• _PROBLEM TO WORK ON_
Please write out all the data that follows exactly, without the pictures.

• _Stored data entries_
┏━━

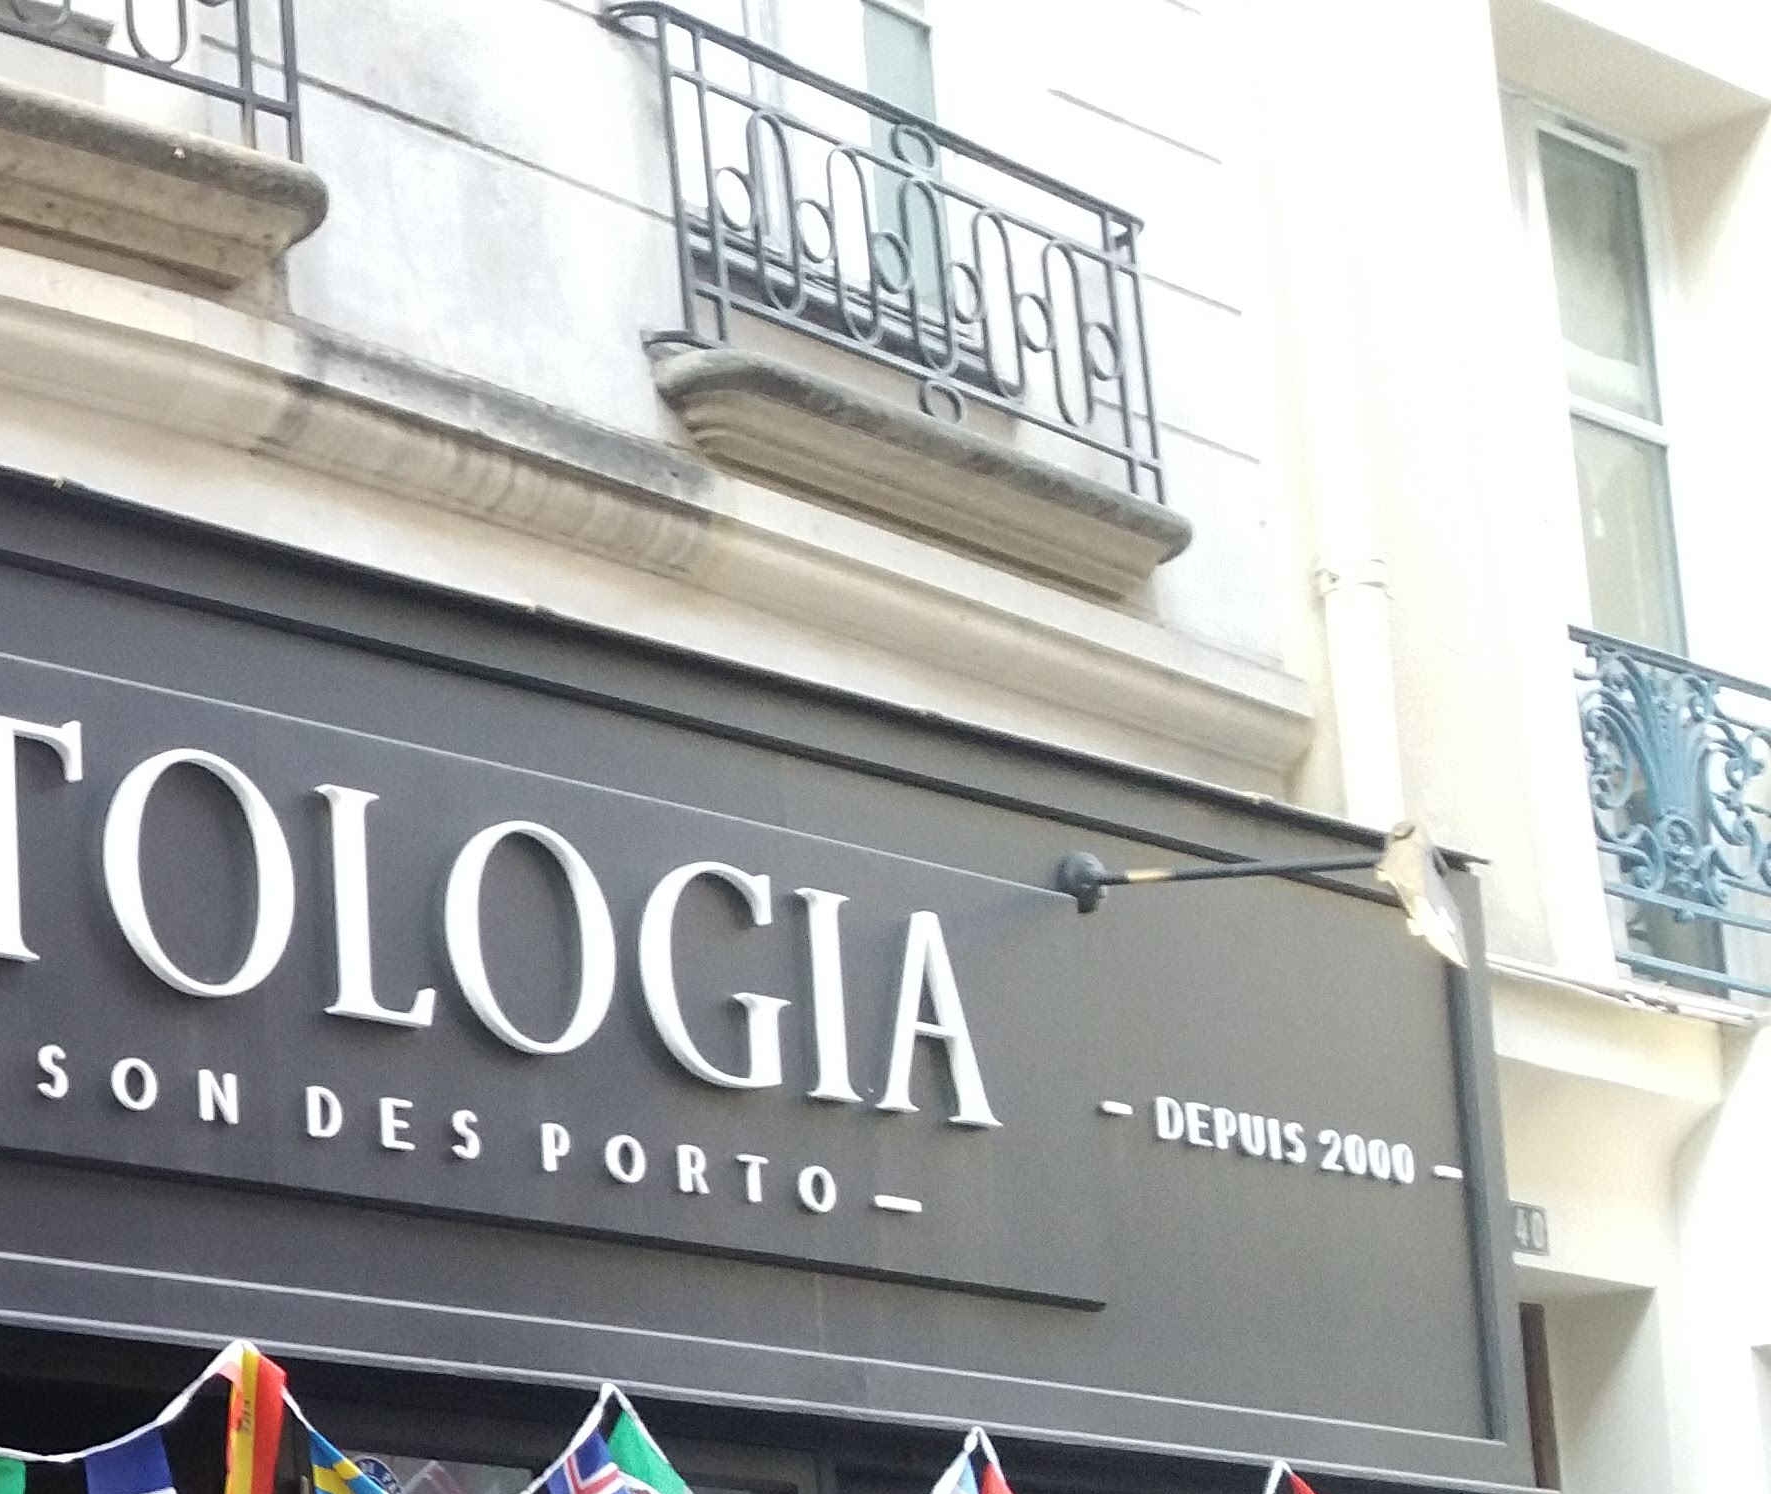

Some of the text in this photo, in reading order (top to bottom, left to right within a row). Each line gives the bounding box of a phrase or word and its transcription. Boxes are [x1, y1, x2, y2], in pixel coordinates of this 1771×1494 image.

[306, 1085, 482, 1160] DES
[540, 1122, 838, 1214] PORTO
[1156, 1096, 1415, 1184] DEPUIS 2000
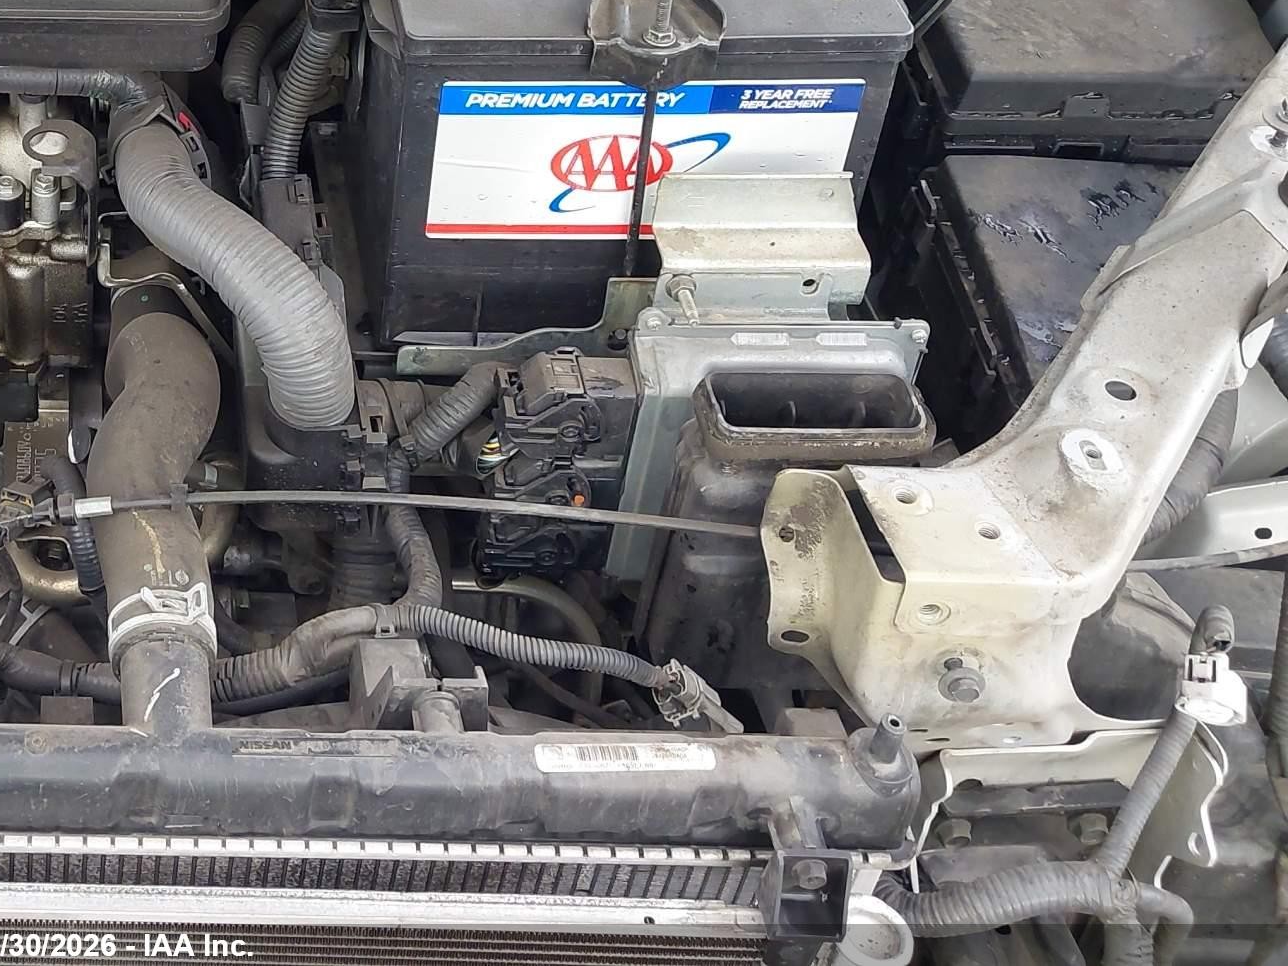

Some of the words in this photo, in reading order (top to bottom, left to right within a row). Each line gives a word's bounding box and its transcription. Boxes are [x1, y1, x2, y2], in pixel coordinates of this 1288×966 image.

[740, 89, 753, 100] 3
[754, 89, 794, 100] YEAR
[794, 88, 835, 100] FREE
[465, 92, 576, 109] PREMIUM
[239, 740, 292, 750] NISSAN

┗━━

• _OUTPUT BELOW_
Some of the text in this photo, in reading order (top to bottom, left to right within a row). Each line gives the bounding box of a phrase or word and its transcription. Boxes are [x1, y1, x2, y2], in pixel coordinates of this 1771×1494 image.

[306, 1085, 482, 1160] DES
[540, 1122, 838, 1214] PORTO
[1156, 1096, 1415, 1184] DEPUIS 2000

Some of the words in this photo, in reading order (top to bottom, left to right within a row). Each line gives a word's bounding box and its transcription. Boxes are [x1, y1, x2, y2], in pixel coordinates of this 1288×966 image.

[740, 89, 753, 100] 3
[754, 89, 794, 100] YEAR
[794, 88, 835, 100] FREE
[465, 92, 576, 109] PREMIUM
[239, 740, 292, 750] NISSAN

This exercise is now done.